ICFA Report: Networks for HENPGeneral Conclusions (3) • We must Remove Firewall Bottlenecks [Another “Digital Divide”; also at some Major HEP Labs] • Firewall systems are so far behind the needs that they won’t match the data flow of Grid applications. The maximum throughput measured across available products is limited to a few X 100 Mbps ! • It is urgent to address this issue by designing new architectures that eliminate/alleviate the need for conventional firewalls.
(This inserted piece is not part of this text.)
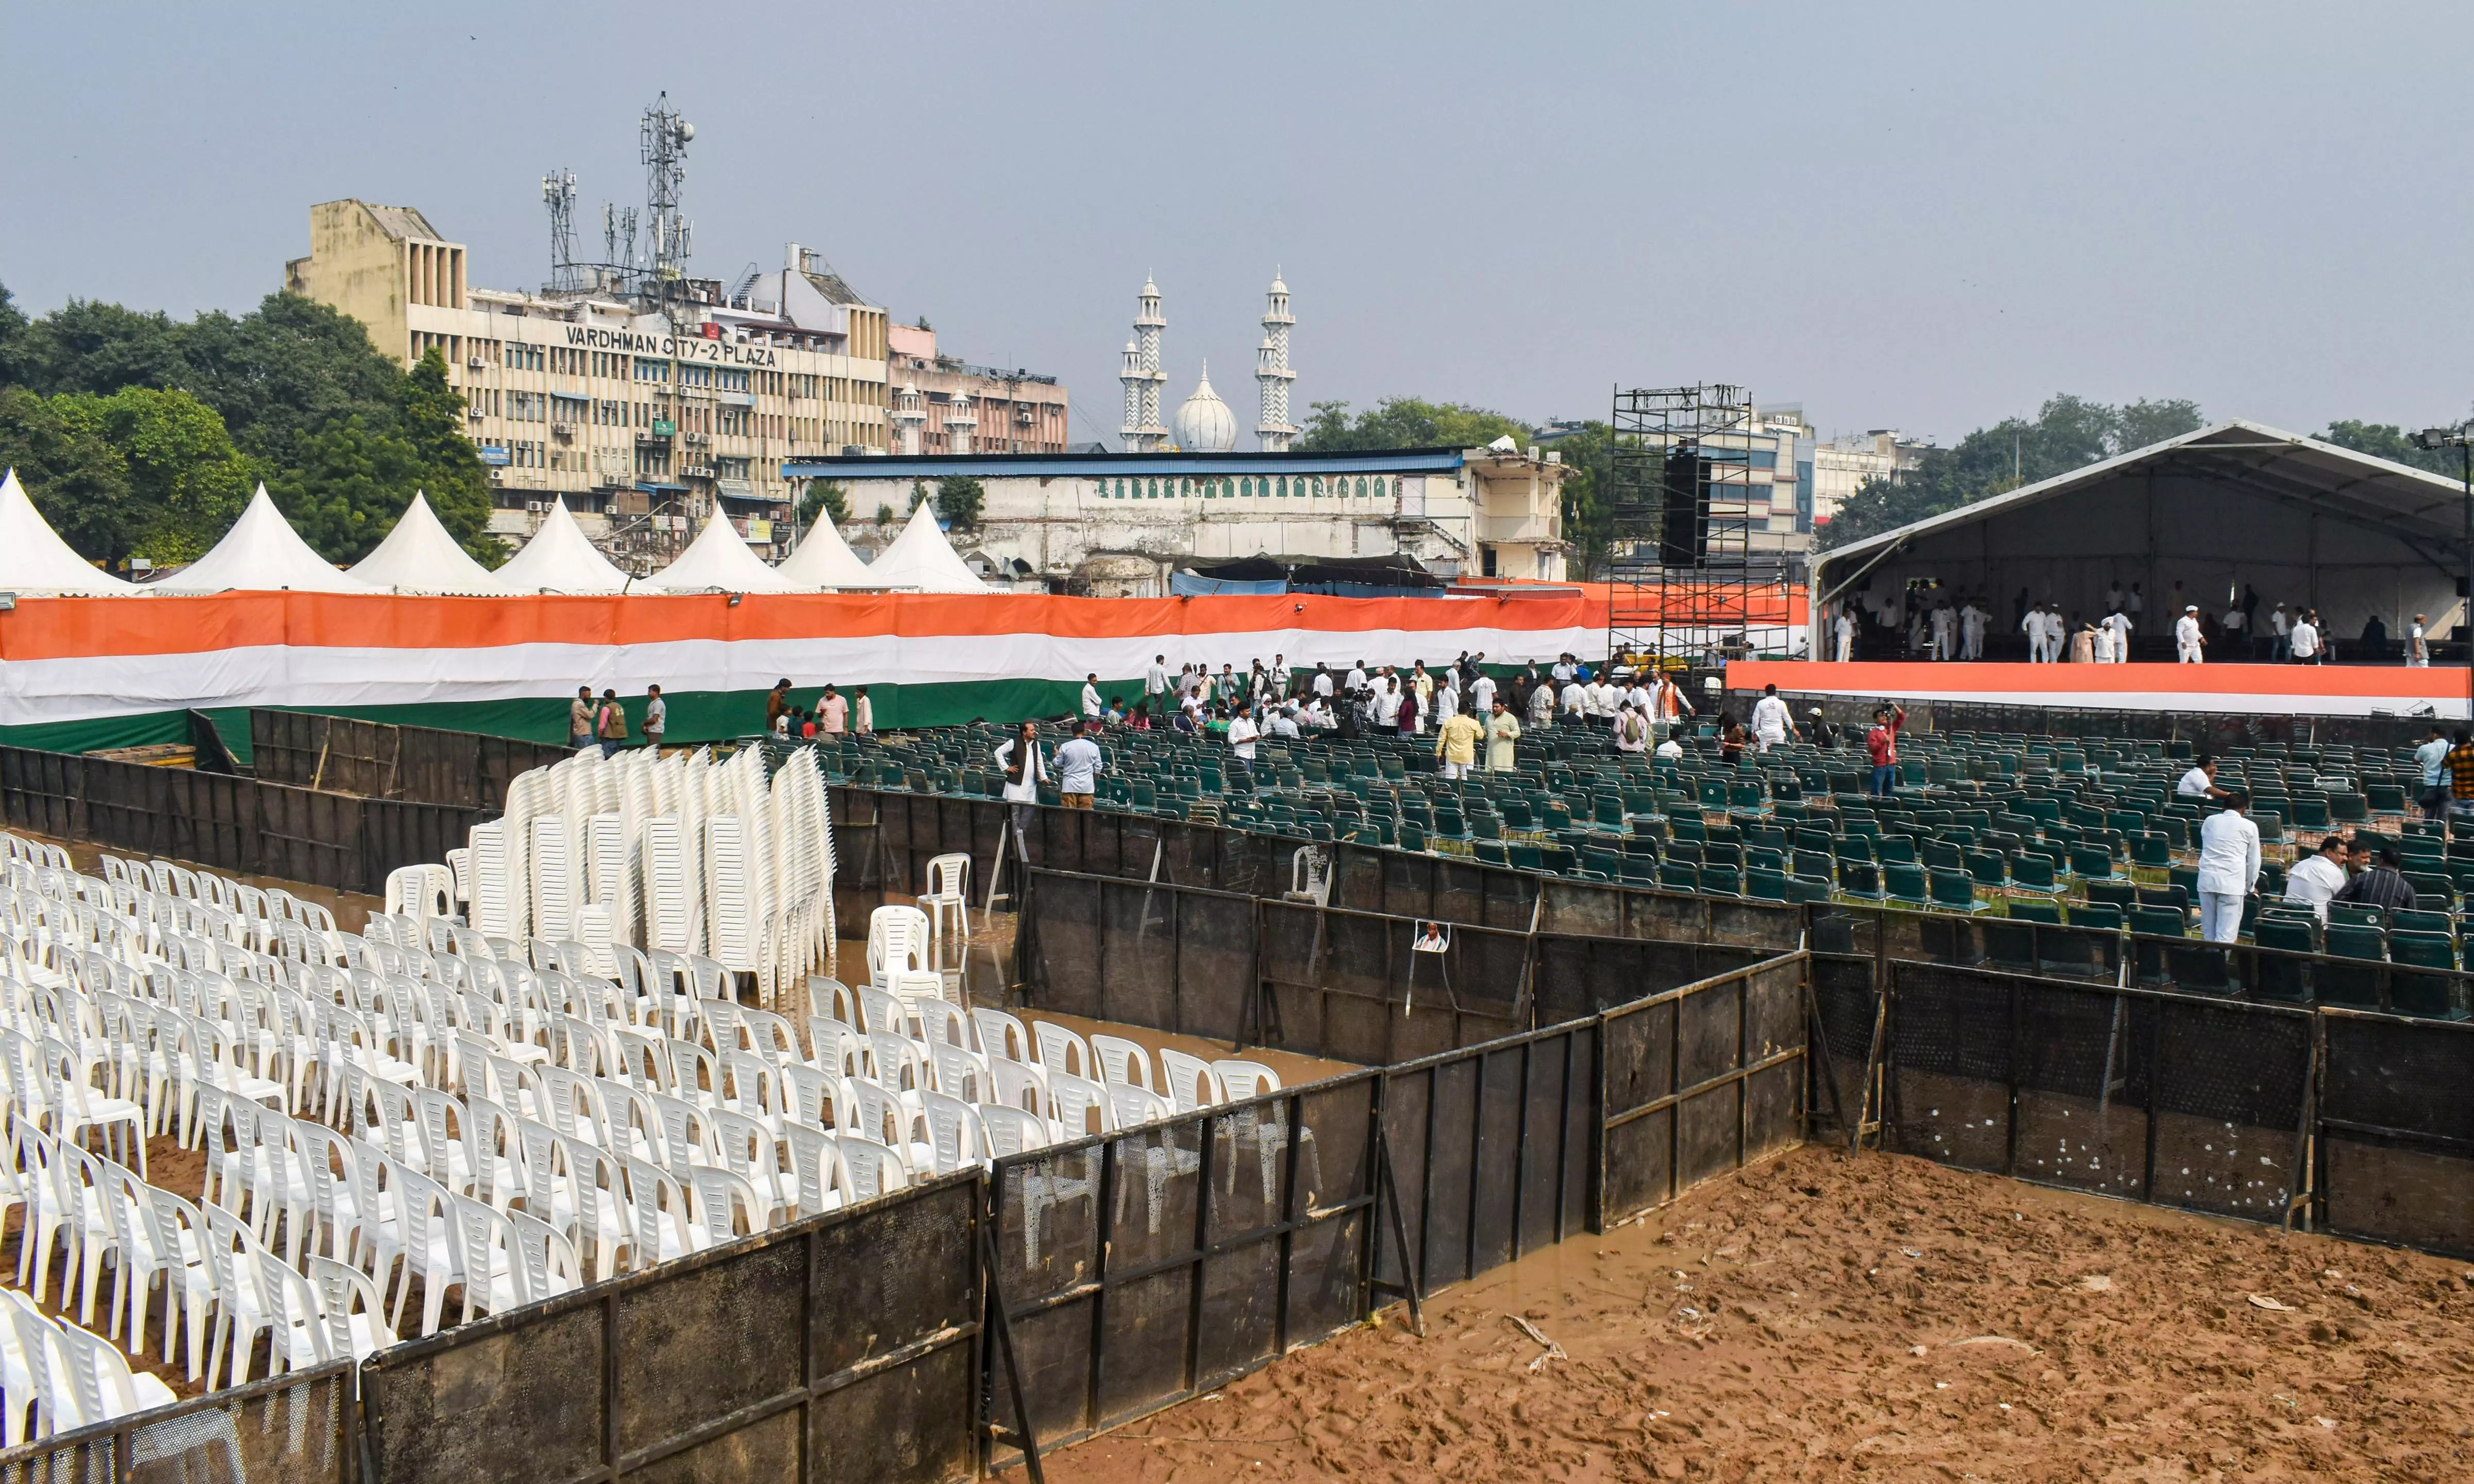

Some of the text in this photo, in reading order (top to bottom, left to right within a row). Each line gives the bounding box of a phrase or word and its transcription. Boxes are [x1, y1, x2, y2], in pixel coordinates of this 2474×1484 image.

For example, Point-to-point provisioned high-speed circuits as proposed by emerging Light Path technologies could remove the bottleneck. • With endpoint authentication [as in Grid AAA systems], the point-to-point paths are private, intrusion resistant circuits, so they should be able to bypass site firewalls if the endpoints (sites) trust each other. • We should deploy high performance (TCP) toolkits in a form that is suitable for widespread use by users. We should train the community to use these tools well, and wisely.